(Phrase grounding data)
+ + +

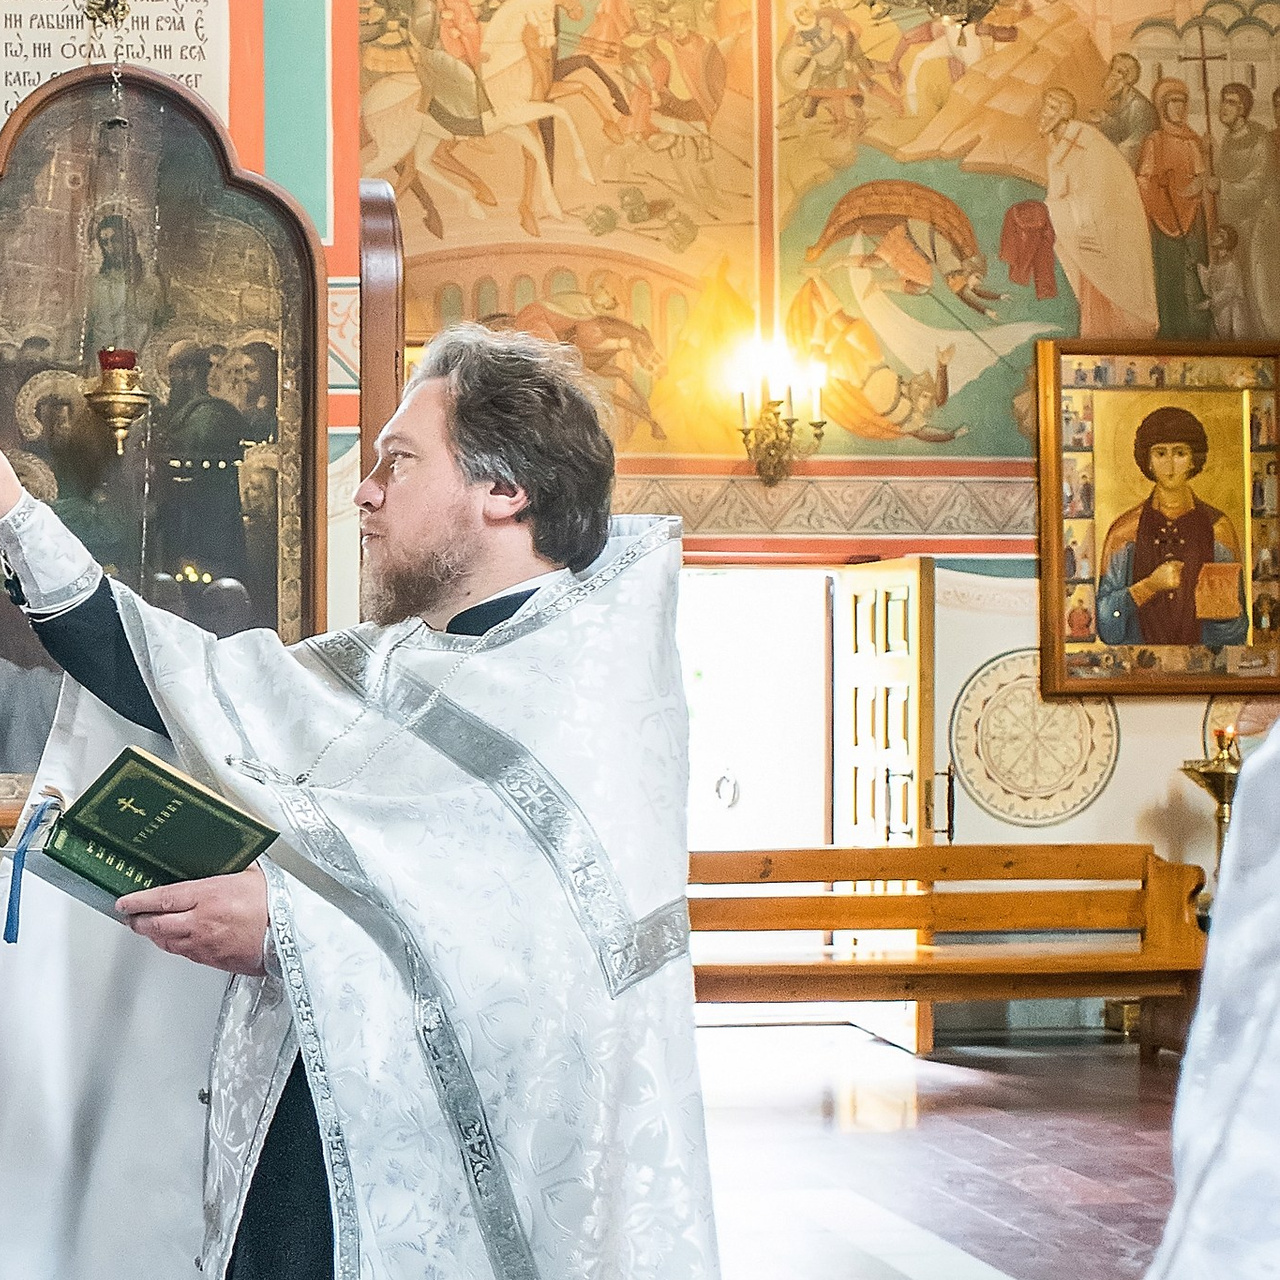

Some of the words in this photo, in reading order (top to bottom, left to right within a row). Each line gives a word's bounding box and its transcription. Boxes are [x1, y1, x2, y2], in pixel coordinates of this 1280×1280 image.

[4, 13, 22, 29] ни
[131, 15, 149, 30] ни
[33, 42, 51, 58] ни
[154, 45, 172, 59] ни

+ + +

_Activity_
All of the records must come back exactly as they stand, minus every picture.

_Written response_
Some of the words in this photo, in reading order (top to bottom, left to right within a row). Each line gives a word's bounding box and its transcription. Boxes are [x1, y1, x2, y2], in pixel coordinates of this 1280×1280 image.

[4, 13, 22, 29] ни
[131, 15, 149, 30] ни
[33, 42, 51, 58] ни
[154, 45, 172, 59] ни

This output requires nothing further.